Delaware has been outbid for a GE Aviation manufacturing facility the company has decided to build in North Carolina, as the company seeks to build more jet engine parts using ceramic composites.

GE Aviation has a research-and-development facility in Newark, which makes such jet engine parts in high-pressure, high-heat furnaces. The state of Delaware recently invested $1.1 million, and GE pledged $27 million in capital upgrades, to the facility at 400 Bellevue Road.

But despite the efforts of Delaware officials, GE Aviation opted to invest $195 million across its North Carolina operations through 2017, as it breaks ground this year on a parts factory next to an existing machining plant in Asheville.
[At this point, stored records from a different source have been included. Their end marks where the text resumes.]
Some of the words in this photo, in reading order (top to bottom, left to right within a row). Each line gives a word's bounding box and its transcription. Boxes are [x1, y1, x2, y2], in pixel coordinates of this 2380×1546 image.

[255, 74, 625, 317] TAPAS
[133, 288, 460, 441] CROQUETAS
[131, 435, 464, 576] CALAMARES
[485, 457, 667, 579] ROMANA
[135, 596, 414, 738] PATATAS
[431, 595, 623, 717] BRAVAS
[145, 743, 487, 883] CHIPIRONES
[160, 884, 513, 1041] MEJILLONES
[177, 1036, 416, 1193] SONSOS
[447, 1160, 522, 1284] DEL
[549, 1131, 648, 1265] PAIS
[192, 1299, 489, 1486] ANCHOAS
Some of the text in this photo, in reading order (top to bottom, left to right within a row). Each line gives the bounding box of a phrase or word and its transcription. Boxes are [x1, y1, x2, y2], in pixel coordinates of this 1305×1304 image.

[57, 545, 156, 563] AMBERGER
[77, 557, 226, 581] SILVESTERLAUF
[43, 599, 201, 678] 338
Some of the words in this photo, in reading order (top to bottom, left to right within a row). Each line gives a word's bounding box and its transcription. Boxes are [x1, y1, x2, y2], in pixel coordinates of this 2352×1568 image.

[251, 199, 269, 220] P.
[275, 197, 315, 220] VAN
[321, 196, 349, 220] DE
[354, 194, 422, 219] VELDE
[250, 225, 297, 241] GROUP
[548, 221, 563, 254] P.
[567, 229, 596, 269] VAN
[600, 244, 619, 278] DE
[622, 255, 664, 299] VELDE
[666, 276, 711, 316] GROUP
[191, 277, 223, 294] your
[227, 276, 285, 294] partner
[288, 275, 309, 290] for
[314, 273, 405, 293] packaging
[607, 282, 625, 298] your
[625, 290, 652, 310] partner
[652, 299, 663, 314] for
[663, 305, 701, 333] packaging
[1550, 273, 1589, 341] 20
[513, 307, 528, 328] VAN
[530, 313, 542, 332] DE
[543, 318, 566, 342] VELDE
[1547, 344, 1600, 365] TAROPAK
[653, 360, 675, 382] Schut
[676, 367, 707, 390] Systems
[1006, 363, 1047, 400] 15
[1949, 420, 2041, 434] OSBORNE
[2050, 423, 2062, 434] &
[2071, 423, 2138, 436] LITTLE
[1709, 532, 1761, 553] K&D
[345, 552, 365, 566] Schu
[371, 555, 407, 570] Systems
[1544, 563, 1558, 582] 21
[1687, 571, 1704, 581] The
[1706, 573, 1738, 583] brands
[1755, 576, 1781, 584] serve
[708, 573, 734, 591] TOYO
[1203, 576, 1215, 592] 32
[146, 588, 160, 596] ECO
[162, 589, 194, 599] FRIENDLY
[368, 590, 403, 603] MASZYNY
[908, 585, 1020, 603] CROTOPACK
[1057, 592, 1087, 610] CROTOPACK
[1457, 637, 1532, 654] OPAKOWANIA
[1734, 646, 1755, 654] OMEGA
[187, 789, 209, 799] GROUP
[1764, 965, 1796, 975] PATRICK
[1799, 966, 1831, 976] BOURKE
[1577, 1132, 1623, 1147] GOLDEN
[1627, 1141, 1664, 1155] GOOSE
Within five years, the workforce at the new factory could grow as high as 340.

GE Aviation “went to a number of states with the proposal and determined that the best option was the Asheville, N.C. location,” said Jeffrey Wessels, plant manager in Newark. He described it as a “repurposing of a site with a known strong workforce which would likely have been looking at layoffs without this.”

The Delaware Office of Economic Development made a bid for the factory at the same time it bid for the research-and-development upgrade that Delaware ended up getting, said Alan Levin, DEDO director.

For the factory, Delaware had offered a package of $1.9 million in grants, and $1.5 million in capital incentives, tied to 400 jobs and construction of the manufacturing building, Levin said. In North Carolina, GE was able to repurpose one of its own existing factories, which was an advantage, Levin said.

“We’d like the whole thing, but we got a portion of it,” he said, referring to the research and development.

Buncombe County, N.C., and the city of Asheville approved just more than $4 million in cash incentives over the next 10 years for the GE Aviation expansion. State incentives also are pending, but have not been disclosed. Smaller incentives were extended by two other counties where small improvements will be made near Durham and Wilmington.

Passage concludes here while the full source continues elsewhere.